Yang dimaksud dengan memelihara kepala adalah termasuk menjaga semua organ tubuh manusia yang berada di kepala, antara lain: mata, lisan, telinga dan pikiran. Dengan demikian orang orang yang merasa malu kepada Allah selalu menjaga:

- matanya; misalnya dengan menggunakannya untuk memperhatikan ciptaan Allah dalam rangka tafakkur fii kholqillah, menundukkan pandangannya agar tidak memandang sesuatu yang diharamkan, memalingkan pandangannya agar tidak memandang aib saudaranya.

- lisannya; misalnya dengan memperbanyak tilawah Al-Qur’an, berdzikir kepada Allah, mengucapkan kalimat-kalimat thayyibah, memberi nasehat kepada orang lain, berbicara yang baik dan bermafaat.

- telinganya; misalnya dengan mendengarkan bacaan Al-Qur’an, mendengarkan nasehat dan pengajian agama Islam, menutupnya apabila mendengar pembicaraan yang termasuk ghibah (menggunjing).

- pikirannya; misalnya dengan melakukan observasi terhadap keajaiban ciptaan Allah di alam semesta, mencermati problematika umat dan mencari solusinya, mengkaji sistem pendidikan yang sesuai dengan tuntutan dan tantangan zaman, melindungi pemikirannya dari ideologi sesat serta menjauhi memikirkan hal-hal yang tidak bermanfaat.

Termasuk tindakan menjaga kepala dari perbuatan maksiyat ialah seperti: tidak menggunakan kepala untuk bersujud kepada selain Allah, tidak ”menganggukkan atau menggelengkannya” kecuali jika diridhai oleh Allah swt dan tidak menengadahkannya dengan rasa takabbur (sombong).

Menjaga perut dan semua organ tubuh yang berdekatan dengannya dari yang diharamkan.

Orang yang merasa malu kepada Allah akan selalu menjaga:

- perutnya; agar jangan sampai makan atau minum sesuatu yang diharamkan oleh Allah swt.

- kedua kakinya; agar jangan sampai melangkah menuju tempat-tempat yang dimurkai oleh Allah serta jangan sampai menendang atau menginjak sesuatu yang mendatangkan kemarahan-Nya.

- kedua tangannya; agar jangan sampai mengambil yang bukan haknya, memukulkan palu pada pengadilan yang tidak adil, menandatangani perjanjian atau kesepakatan yang dimurkai oleh Allah atau menyakiti orang lain dengan cara apapun.

- kemaluannya; agar jangan sampai melakukan bahkan mendekati zina dengan cara apapun.

Menyiapkan diri menghadapi kematian.

Setiap manusia pasti akan mati.
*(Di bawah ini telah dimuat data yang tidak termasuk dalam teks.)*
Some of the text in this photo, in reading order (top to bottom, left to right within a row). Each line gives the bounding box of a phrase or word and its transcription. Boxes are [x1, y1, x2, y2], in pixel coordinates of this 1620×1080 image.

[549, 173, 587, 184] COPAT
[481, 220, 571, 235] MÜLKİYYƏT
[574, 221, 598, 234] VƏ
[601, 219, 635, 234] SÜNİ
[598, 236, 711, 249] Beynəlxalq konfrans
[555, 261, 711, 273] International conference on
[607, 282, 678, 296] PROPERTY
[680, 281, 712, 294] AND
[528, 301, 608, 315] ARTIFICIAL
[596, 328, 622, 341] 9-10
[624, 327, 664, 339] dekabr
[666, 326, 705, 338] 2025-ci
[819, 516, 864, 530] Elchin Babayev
Namun ia tidak pernah tahu tentang kapan dan dimana ia mati. Pengetahuan tentang itu hanyalah milik Allah swt. Dan setelah mati (ketika ruhnya berpisah meninggalkan jasadnya), ia diletakkan di dalam kubur. Sendiri. Sunyi. Setelah itu jasadnya menjadi tulang-belulang yang akhirnya hancur.

Mengingat-ingat kematian seperti itu membuat setiap manusia merasakan bahwa dirinya adalah makhluk yang sangat kecil sehingga tidak pantas bersikap sombong ketika hidup di dunia dan membuat manusia merasakan bahwa dirinya adalah makhluk yang sangat lemah sehingga tidak layak apabila menindas orang lain saat berkuasa di dunia. Seharusnya ia banyak menundukkan wajahnya di hadapan Allah bila mengingat kondisi jasadnya ketika berada di dalam kubur.
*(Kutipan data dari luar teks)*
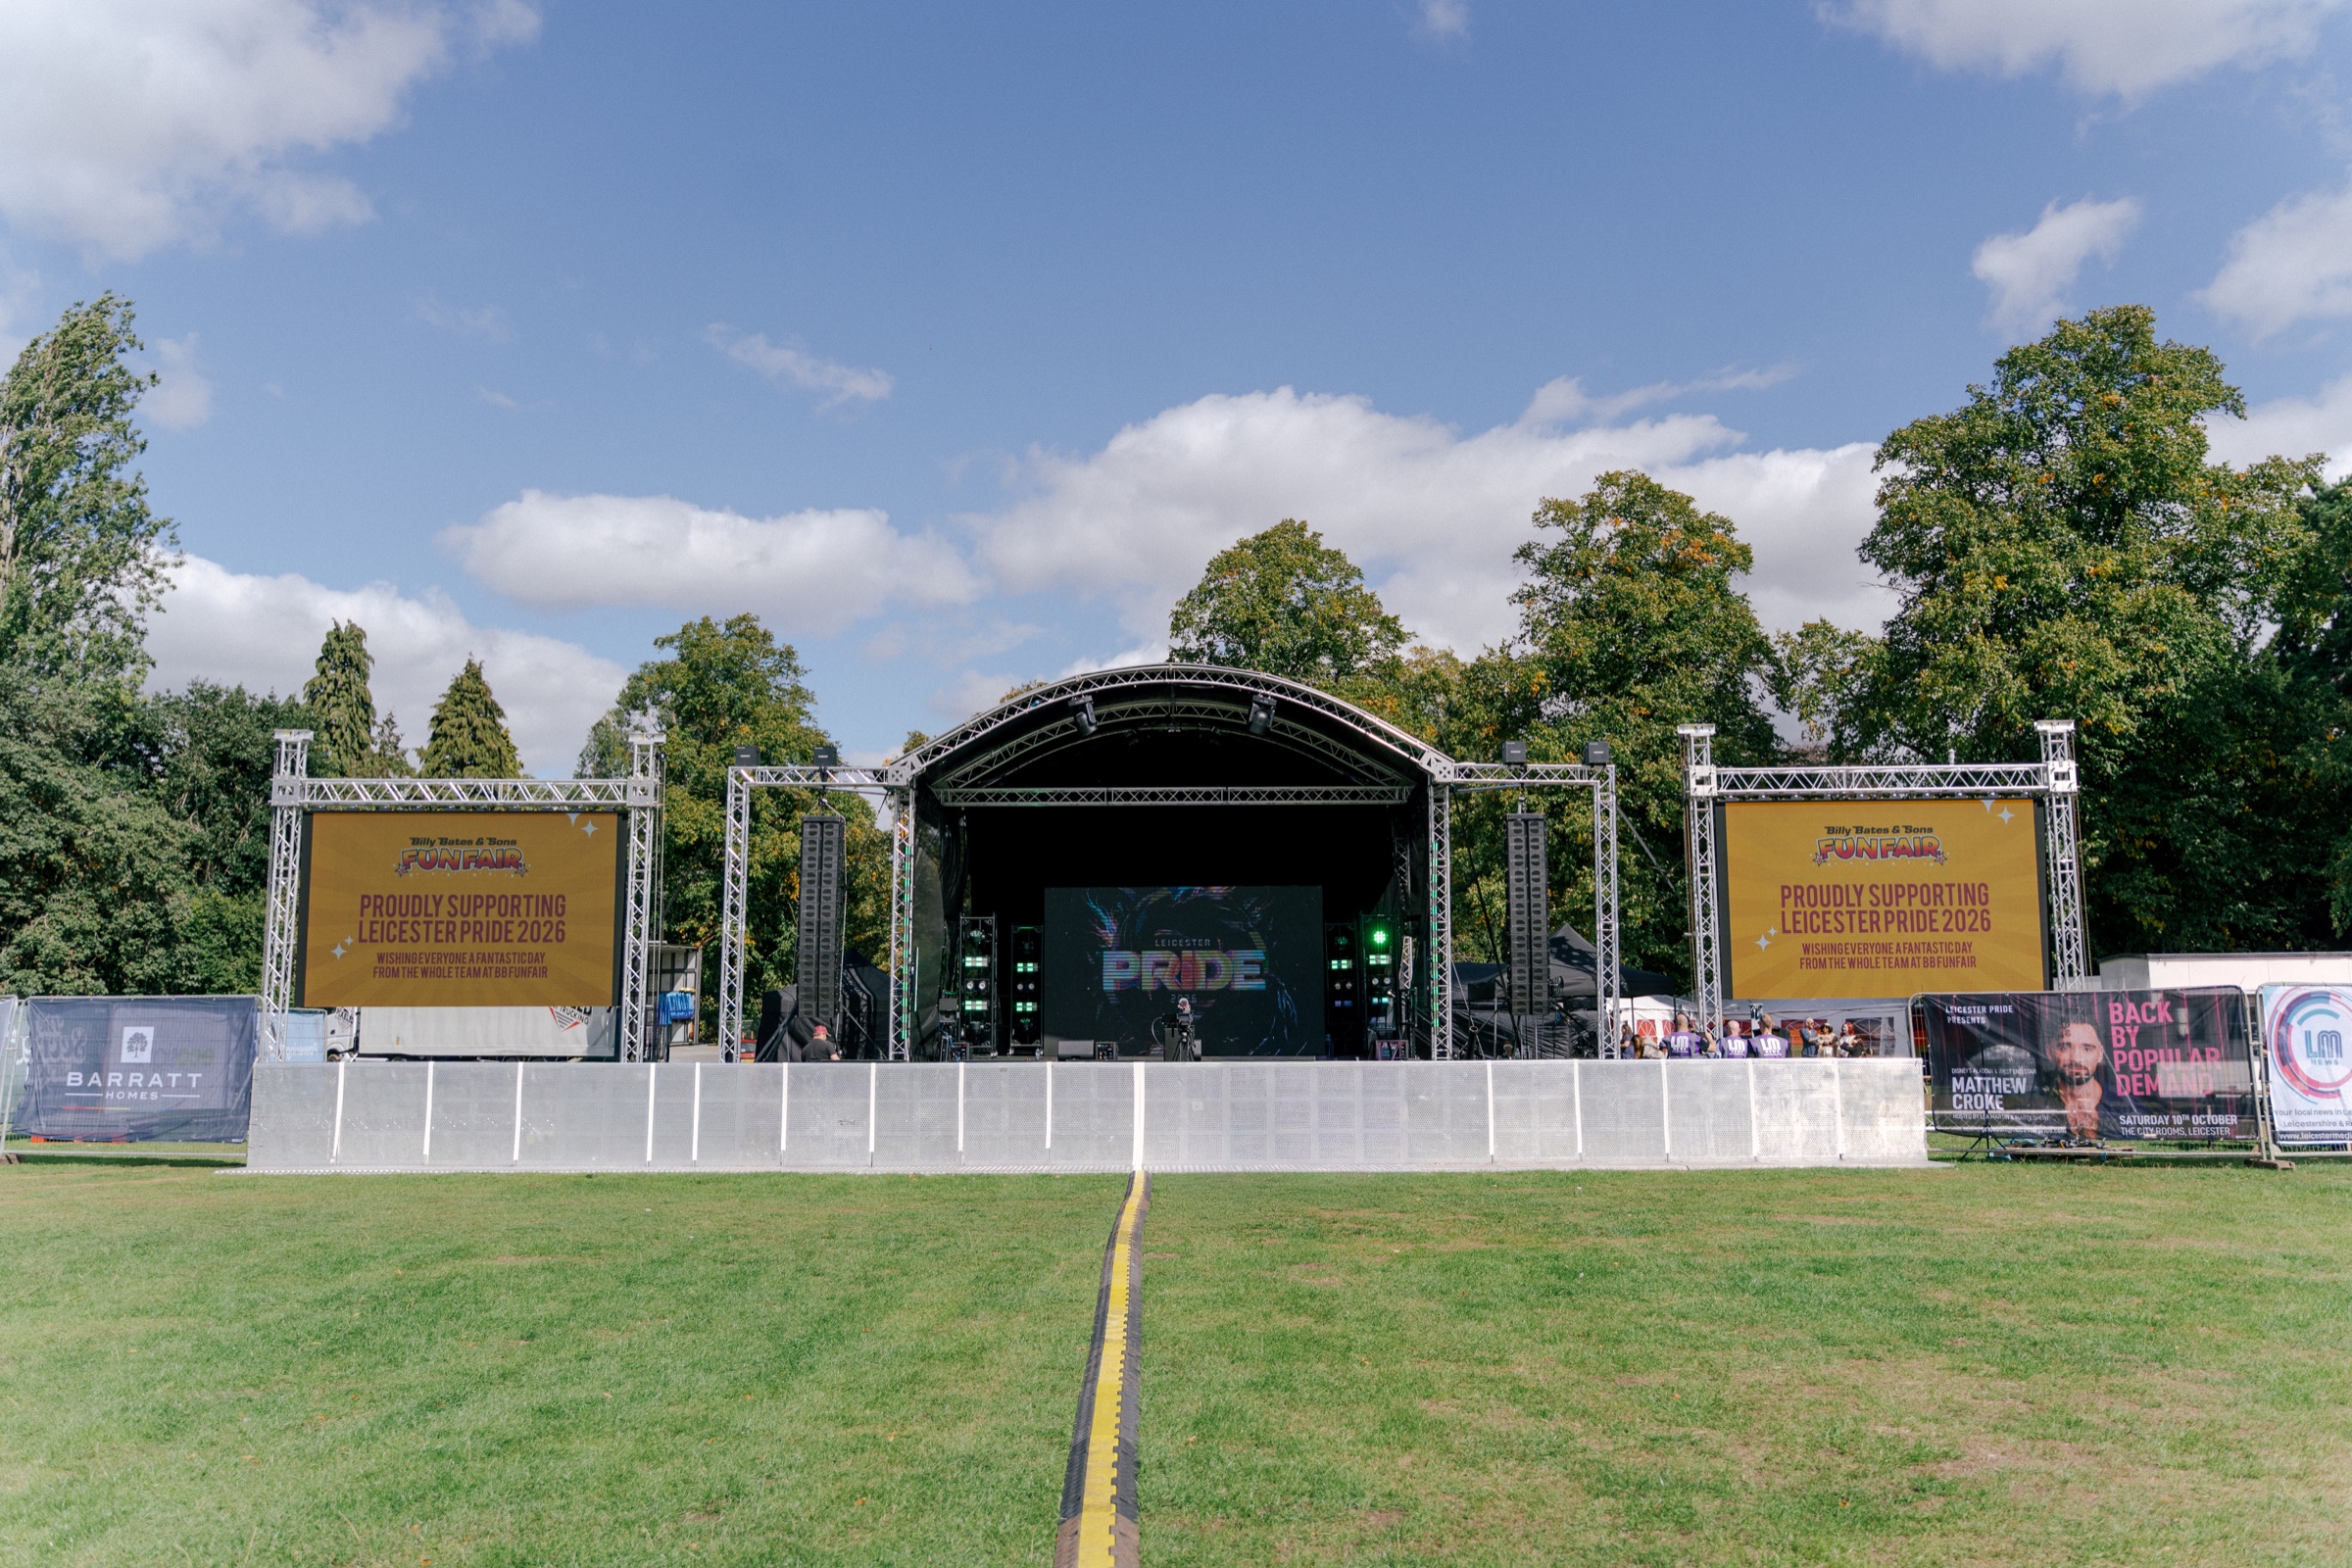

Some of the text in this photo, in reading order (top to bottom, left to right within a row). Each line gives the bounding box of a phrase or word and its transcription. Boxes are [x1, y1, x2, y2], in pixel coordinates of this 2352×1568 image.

[1825, 825, 1933, 836] Billy Bates & Sons
[410, 837, 517, 848] Billy Bates & Sons
[1780, 882, 1989, 907] PROUDLY SUPPORTING
[360, 894, 566, 917] PROUDLY SUPPORTING
[1781, 908, 1991, 934] LEICESTER PRIDE 2026
[358, 919, 566, 943] LEICESTER PRIDE 2026
[1801, 941, 1973, 955] WISHING EVERYONE A FANTASTIC DAY
[376, 953, 546, 964] WISHING EVERYONE A FANTASTIC DAY
[1799, 956, 1977, 969] FROM THE WHOLE TEAM AT BB FUNFAIR
[373, 966, 548, 978] FROM THE WHOLE TEAM AT BB FUNFAIR
[1102, 950, 1267, 991] PRIDE
[1946, 1015, 1985, 1024] PRESENTS
[2109, 1001, 2174, 1024] BACK
[2111, 1025, 2140, 1049] BY
[2113, 1048, 2223, 1072] POPULAR
[67, 1071, 202, 1088] BARRATT
[1952, 1076, 2027, 1094] MATTHEW
[2116, 1072, 2215, 1096] DEMAND
[105, 1091, 159, 1100] HOMES
[1952, 1094, 2005, 1110] CROKE
[2119, 1115, 2170, 1125] SATURDAY
[2191, 1114, 2238, 1125] OCTOBER
[2156, 1127, 2187, 1137] ROOMS,
Di dalam kubur, setiap manusia akan mendapat pertanyaan-pertanyaan seputar keyakinannya tentang eksistensi Allah sebagai Tuhan-nya, Muhammad saw sebagai teladannya, Islam sebagai way of life-nya dan sebagainya. Untuk bisa menjawab pertanyaan-pertanyaan tersebut, ia tidak bisa menyiapkan teks jawaban yang dihafal sejak masih hidup. Namun, lulus dan tidaknya menjawab pertanyaan di kubur ditentukan oleh sejauhmana manusia itu mentaati Allah dan Rasul-Nya serta mengikuti ajaran agama Islam. Maka orang yang malu kepada Allah akan disibukkan dengan ibadah dan amal shalih sebagai kunci jawaban agar sukses menghadapi pertanyaan kubur.

Menjauhi kemewahan duniawi.

Kehidupan akhirat adalah kehidupan yang baqa’ (abadi) sedangkan kehidupan dunia bersifat sementara, main-main, menipu dan fana’ (pasti hancur). Oleh sebab itu, orientasi hidup seorang mukmin adalah ukhrawi dan bukan duniawi.
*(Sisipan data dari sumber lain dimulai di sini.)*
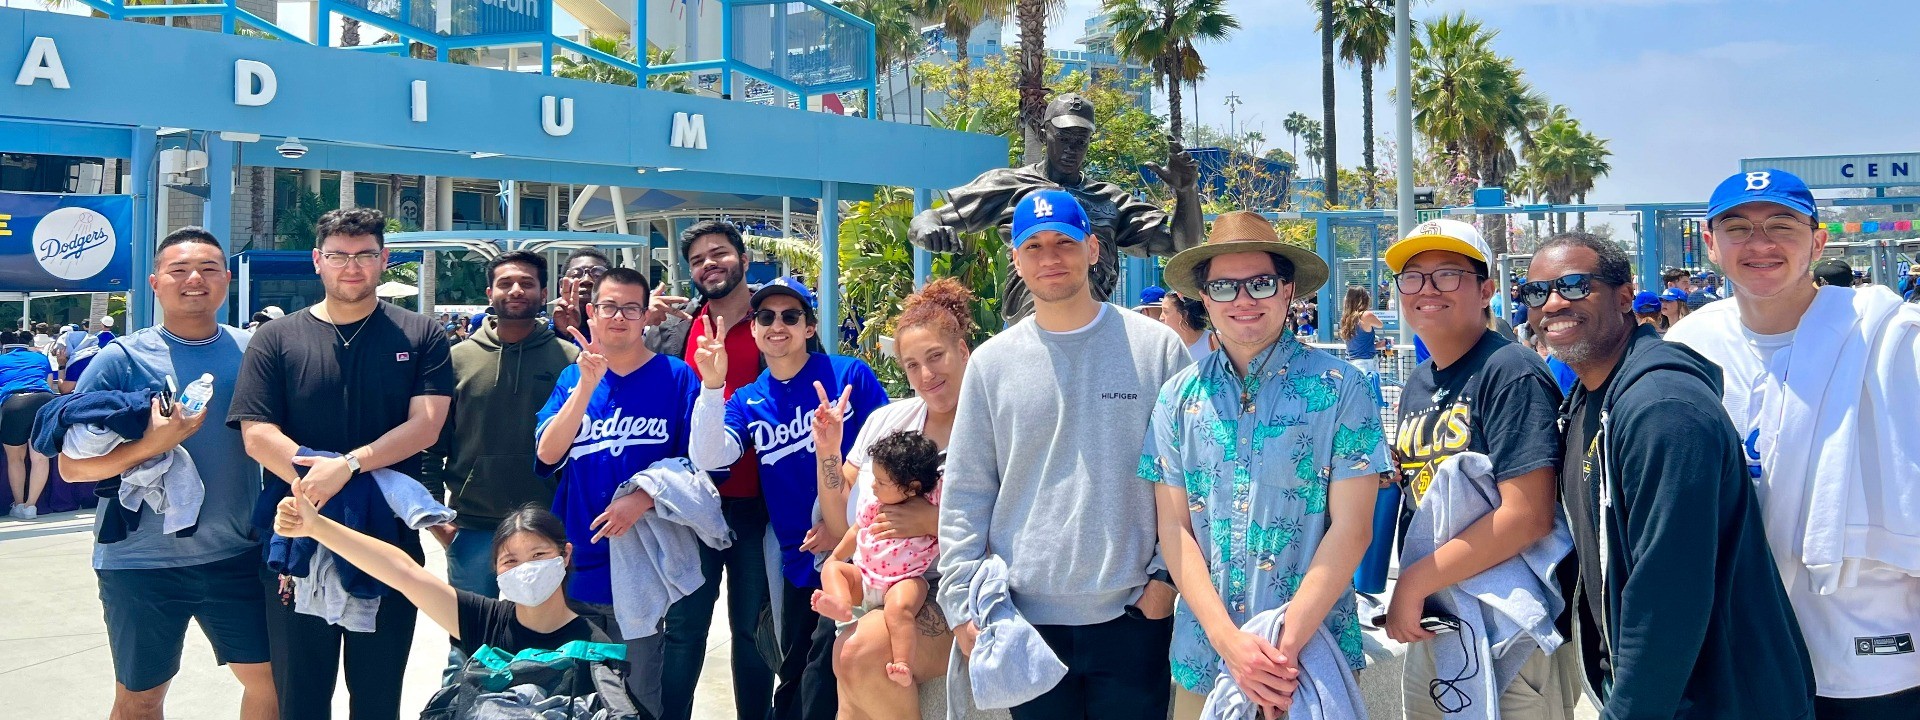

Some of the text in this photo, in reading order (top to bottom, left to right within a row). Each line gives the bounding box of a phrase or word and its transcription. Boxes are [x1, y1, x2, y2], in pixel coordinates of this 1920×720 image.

[1841, 162, 1908, 178] CEN
[1745, 171, 1771, 191] B
[1032, 196, 1053, 218] LA
[40, 227, 109, 262] Dodgers
[1101, 392, 1138, 400] HILFIGER
[1396, 401, 1471, 459] NLCS
Orang yang memiliki orientasi ukhrawi, hidupnya dipenuhi dengan kesabaran ketika mendapat musibah dan kesyukuran ketika mendapat nikmat. Sementara orang yang orientasi hidupnya adalah duniawi, maka hidupnya diliputi dengan keluh kesah, keserakahan dan kesombongan serta semua urusan diukur dengan keuntungan materi dunia semata.

Orang yang malu kepada Allah tidak akan menyibukkan diri dengan merawat ketampanan atau kecantikan fisiknya semata. Sebaliknya, ia akan menyibukkan diri dengan mengikhlaskan hatinya dalam setiap ibadah dan amalnya. Orang yang malu kepada Allah tidak hanya menginvestasikan hartanya untuk mendapatkan keuntungan di dunia yang tidak seberapa. Sebaliknya, ia akan memperbanyak investasi pahala melalui zakat, infaq, shadaqah waqaf dan sebagainya. Orang yang malu kepada Allah tidak akan sibuk dengan menghitung aib orang lain. Sebaliknya, ia akan menghabiskan waktu siang dan malamnya untuk melakukan muhasabah (introspeksi) agar bisa menemukan kesalahan dirinya lalu beristighfar kepada Allah.

Penutup

Dari kajian terhadap banyak dalil-dalil syar’i dari al-Qur’an dan Hadits, didapatkan simpulan bahwa rasa malu dapat menjadi penggerak hati seseorang untuk beramal shalih atau meninggalkan maksiyat. Bahkan dapat dikatakan bahwa ia merupakan pertahanan terakhir seseorang dari serangan hawa nafsu. Dalam hal ini Rasulullah saw bersabda, ”Apabila kamu tidak mempunyai rasa malu, maka berbuatlah sesukamu.” (Hr. Bukhari dari Ibnu Mas’ud ra).[7]

Wallahu a’lam bish-shawab.
Oleh: Ust Farid Dhofir,Lc, Msi

www.jilbabfara.com


Referensi:
[1]. Imam Abu Zakariya An-Nawawy, Riyadlush Shalihin, juz 1, hlm. 93 (http:/www.alwarraq.com)
[2]. Imam Abul Husain Muslim bin Al-Hajjaj An-Naisabury, Shahih Muslim, hadits nomor 514 (http://www.al-islam.com)
[3]. Ibid, hadits nomor 4284.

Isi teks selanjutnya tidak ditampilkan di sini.